On the other hand, if this is not an impulsive move to the upside, our first clue will be a break of the $78.64 level. This would increase the likelihood of a plunge to the $43.16 neighborhood, particularly if price goes on to break below $65.71, but in my view would require the entire economy to plunge into recession (which is still possible, of course).

So from a technical standpoint, it appears we are drawing near a good time to go long in TAN, on the next major pullback. In fact, for long-term investors (3 years or more), that time is already here.

Geopolitical trends

Following the Russian invasion of Ukraine, the European Union has severely cut its purchases of Russian oil. In order to meet the resulting shortfall, the EU is heavily investing in solar and other renewable energy resources.

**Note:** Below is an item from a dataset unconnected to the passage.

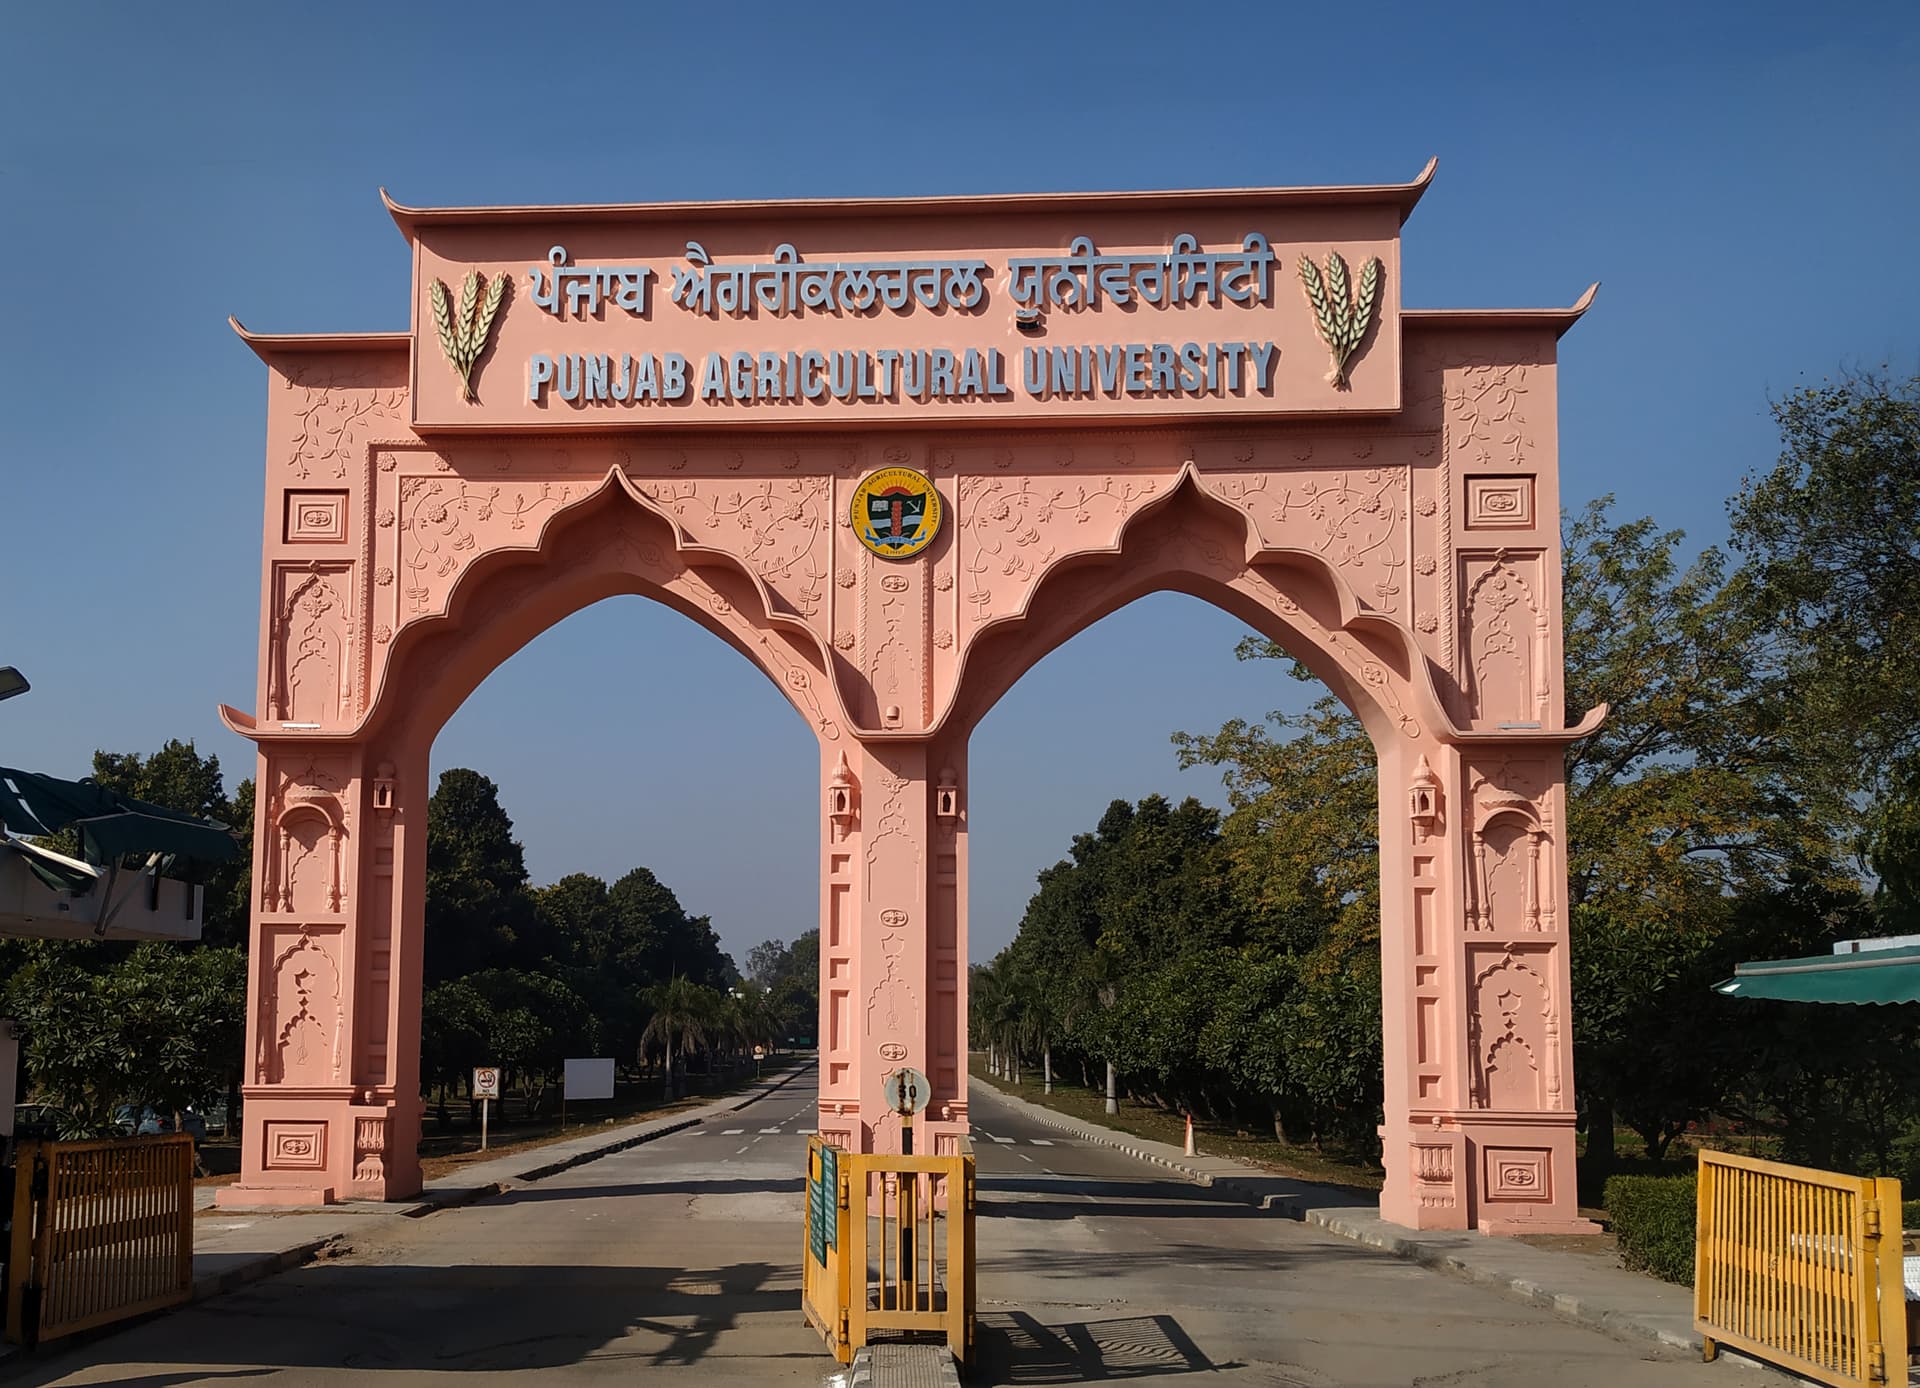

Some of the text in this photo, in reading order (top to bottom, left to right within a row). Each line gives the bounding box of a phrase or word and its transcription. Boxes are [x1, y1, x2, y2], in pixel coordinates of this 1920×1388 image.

[529, 245, 651, 314] ਪੰਜਾਬ
[672, 241, 985, 313] ਐਗਰੀਕਲਚਰਲ
[529, 342, 1275, 402] PUNJAB AGRICULTURAL UNIVERSITY
[868, 471, 921, 487] AGRICULTURAL

On May 18, EU headquarters in Brussels announced the REPowerEU Plan, whose goals are supported by 85% of Europeans. The sweeping plan calls for energy savings, diversification of energy supplies, and an accelerated roll-out of renewable energy to replace fossil fuels in homes, industry, and power generation. A first step in this direction was the creation of the EU Energy Platform, supported by regional task forces, to enable voluntary common purchases of gas, LNG and hydrogen by pooling demand, optimizing infrastructure use, and coordinating outreach to suppliers.

Meanwhile, in response to the huge drop-off in supply to the West, oil prices have spiked, making other energy sources relatively more attractive. The price of WTI crude went from $65.57 on December 1 to a high of $123.70 on March 8, a meteoric 3-month run-up of 88.7%, and remained as high as $122.11 as recently as June 9, before settling back to its current price in the high $80’s. The 9-month increase now stands at about 35%.

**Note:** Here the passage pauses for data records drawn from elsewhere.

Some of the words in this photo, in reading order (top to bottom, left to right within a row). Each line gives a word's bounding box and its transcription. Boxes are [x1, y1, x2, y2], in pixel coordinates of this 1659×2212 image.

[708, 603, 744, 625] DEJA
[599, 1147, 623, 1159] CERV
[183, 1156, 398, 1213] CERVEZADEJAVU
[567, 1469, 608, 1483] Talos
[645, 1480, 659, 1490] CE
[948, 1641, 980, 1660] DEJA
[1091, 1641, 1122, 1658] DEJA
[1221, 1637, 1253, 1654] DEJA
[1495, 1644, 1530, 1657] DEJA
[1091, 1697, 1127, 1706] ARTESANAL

The U.S. government appears to be on the cusp of a major climate investment. Senate Majority Leader Chuck Schumer and West Virginia senator Joe Manchin recently announced agreement on a bill that would invest $370 in energy and climate needs, reduce the budget deficit by $300 billion, and bring down inflation. The new spending would be paid for by imposing a 15 percent corporate minimum tax, increasing IRS enforcement, reducing drug prices, and closing the so-called carried interest loophole.

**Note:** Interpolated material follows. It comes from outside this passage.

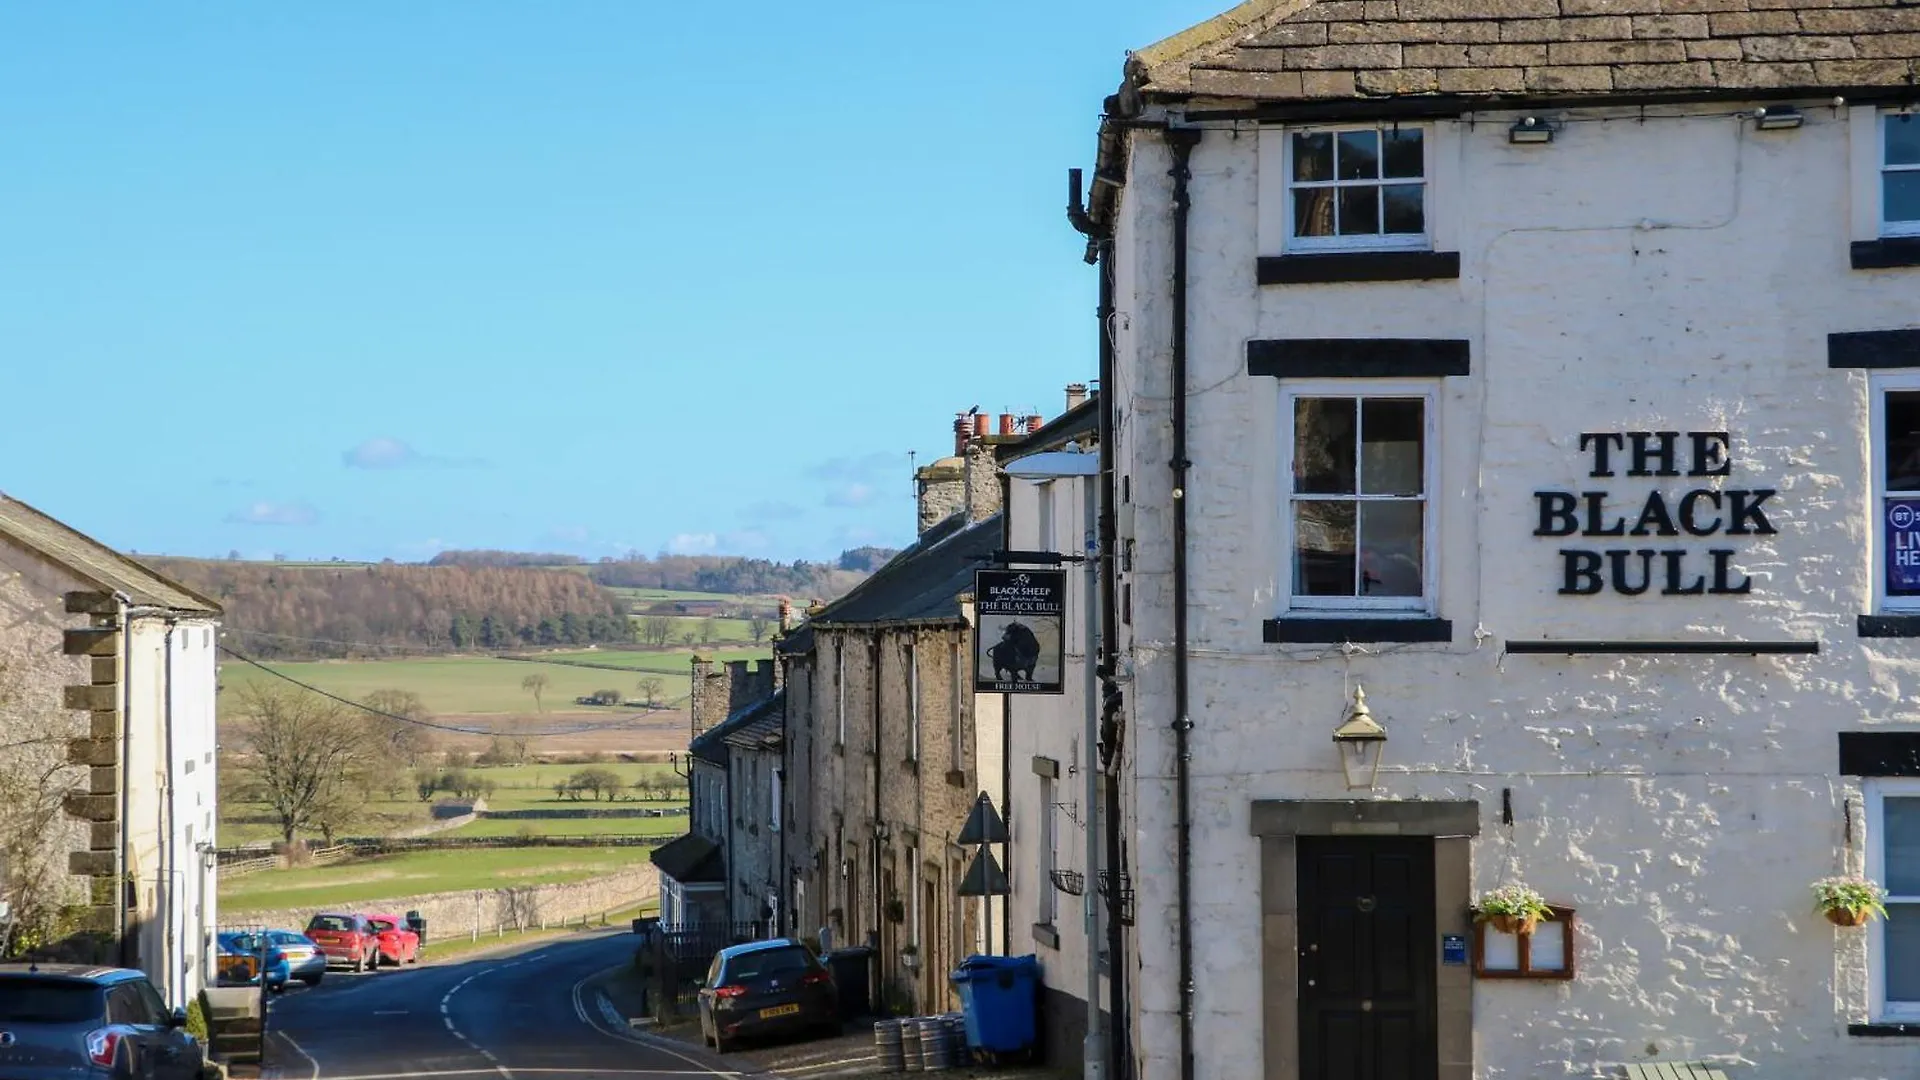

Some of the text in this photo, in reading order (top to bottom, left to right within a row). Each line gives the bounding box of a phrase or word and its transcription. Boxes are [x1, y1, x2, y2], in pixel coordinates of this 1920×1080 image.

With Senator Kyrsten Sinema announcing her support, the measure is likely to pass very soon, via budget reconciliation.

Investor’s bottom line

If humankind is to survive, solar and other renewable energy sources are vital. An investment in solar is an investment in our children’s and grandchildren’s quality of life. Happily, it appears from both technical indicators and recent geopolitical events that we are in the early stages of an upward trend that makes such an investment wildly profitable, as well as socially responsible.